## WHAT THE TASK REQUIRES
All the lines below need to be output exactly, apart from any images.

-- RECORDS FOR THIS EXERCISE follows --

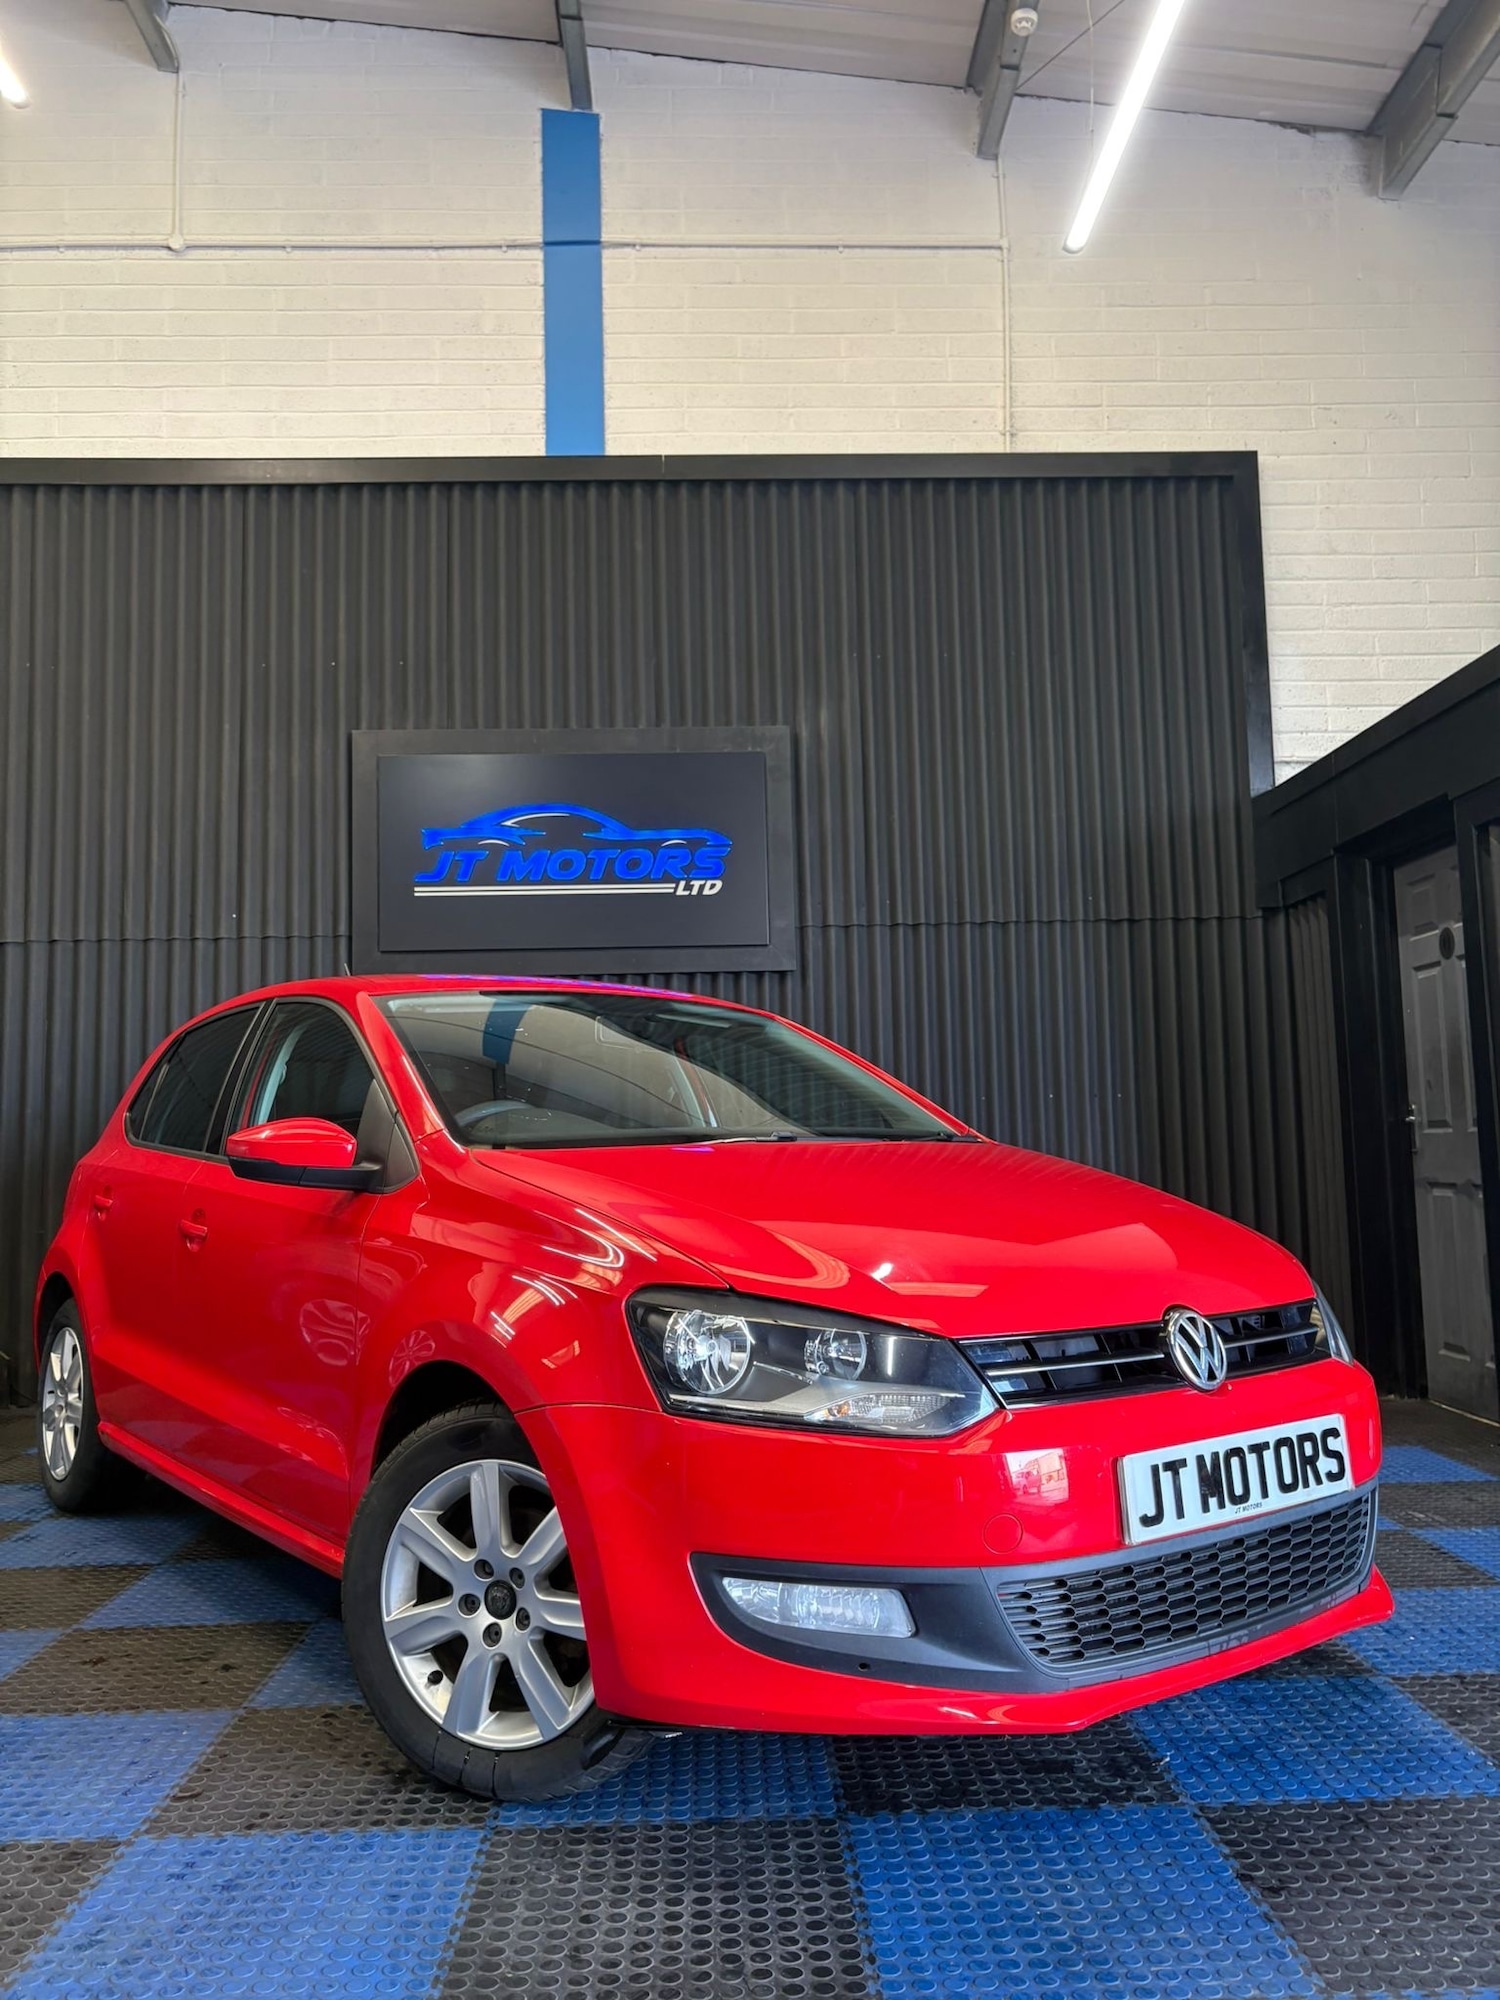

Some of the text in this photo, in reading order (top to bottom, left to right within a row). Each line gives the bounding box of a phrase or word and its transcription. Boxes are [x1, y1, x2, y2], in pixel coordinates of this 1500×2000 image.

[414, 848, 731, 881] JT MOTORS
[675, 880, 723, 896] LTD
[1139, 1427, 1346, 1528] JT MOTORS
[1235, 1502, 1263, 1514] JT MOTORS

-- RECORDS FOR THIS EXERCISE concluded --

## EXERCISE RESULT
Some of the text in this photo, in reading order (top to bottom, left to right within a row). Each line gives the bounding box of a phrase or word and its transcription. Boxes are [x1, y1, x2, y2], in pixel coordinates of this 1500×2000 image.

[414, 848, 731, 881] JT MOTORS
[675, 880, 723, 896] LTD
[1139, 1427, 1346, 1528] JT MOTORS
[1235, 1502, 1263, 1514] JT MOTORS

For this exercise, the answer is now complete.